The Cross-Market Impact

Gold and Commodities:
This is the fuel behind gold's roughly 69% year-over-year rally to the $5,000 level. When the world's reserve currency weakens, hard assets get repriced upward. Crude oil, copper, silver -- all benefit from the same dynamic. International buyers get more purchasing power, and the capital rotation into real assets accelerates.

Forex:
EUR/USD has surged above 1.17, GBP/USD is trading at 1.34-1.35. For currency traders, the dollar weakness story is creating trending conditions that don't come around often. The moves are big enough to trade but orderly enough to manage risk.

Equities:
A weaker dollar is actually bullish for US multinationals -- more competitive exports, higher translated foreign earnings. But it is bearish for purchasing power and raises imported inflation concerns, which circles back to the Fed's dilemma. Watch companies with heavy international revenue (tech, industrials) for outperformance.

Futures:
Dollar-denominated commodities get more attractive to international buyers. Watch for rising open interest in CL, GC, and SI as the dollar trade plays out. If you're trading ES, the dollar backdrop creates a floor under equities via the multinational earnings channel.

What to Watch
Trading Economics models project DXY could push toward 95 over the coming year. The 98 level is the immediate battleground.
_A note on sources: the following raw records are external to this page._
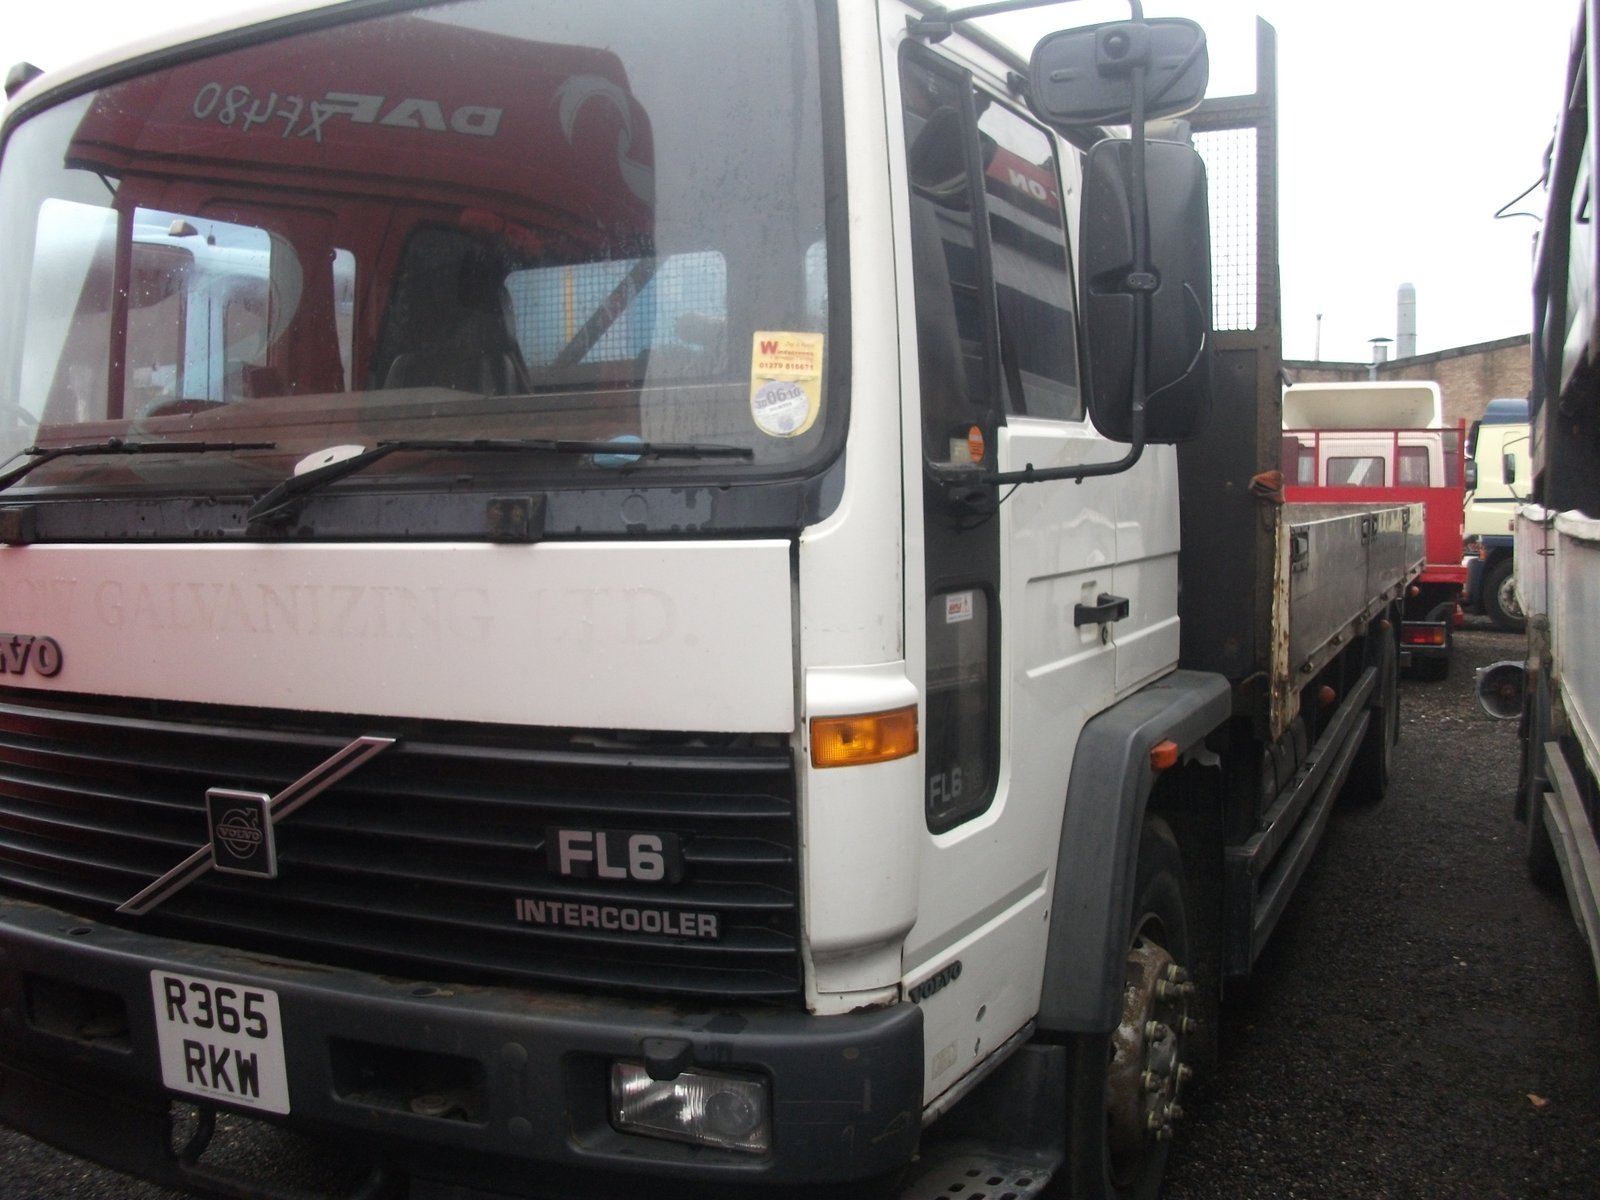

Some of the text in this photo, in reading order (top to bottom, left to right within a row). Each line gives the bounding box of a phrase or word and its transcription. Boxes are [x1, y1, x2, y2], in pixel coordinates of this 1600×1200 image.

[95, 579, 495, 642] GALVANIZING
[219, 827, 261, 841] VOLVO
[558, 830, 665, 881] FL6
[515, 898, 718, 938] INTERCOOLER
[164, 976, 268, 1039] R365
[908, 960, 963, 1004] VOLVO
[183, 1039, 260, 1098] RKW
The Supreme Court could rule on the legality of Trump's IEEPA tariffs as early as this week -- Reuters reports $175 billion in tariff revenue is at stake. If the court strikes down the emergency tariffs, that is another catalyst for dollar weakness: lower tariff costs = lower inflation expectations = more room for rate cuts.

Kevin Warsh's first FOMC meeting as Fed Chair -- if confirmed and seated by June -- could be the event that stabilizes the greenback if he signals a hawkish pivot. Until then, the path of least resistance is lower.

Today's PCE data at 8:30 AM could be the next short-term catalyst. A cool print confirms the disinflation trend and keeps the pressure on the dollar.

Sources: EBC Financial Group | CBS News | Diplomatic Watch

TGIF! Have a good weekend!

-- Fi
"The dollar doesn't just measure purchasing power -- it measures confidence. And right now, confidence is rotating."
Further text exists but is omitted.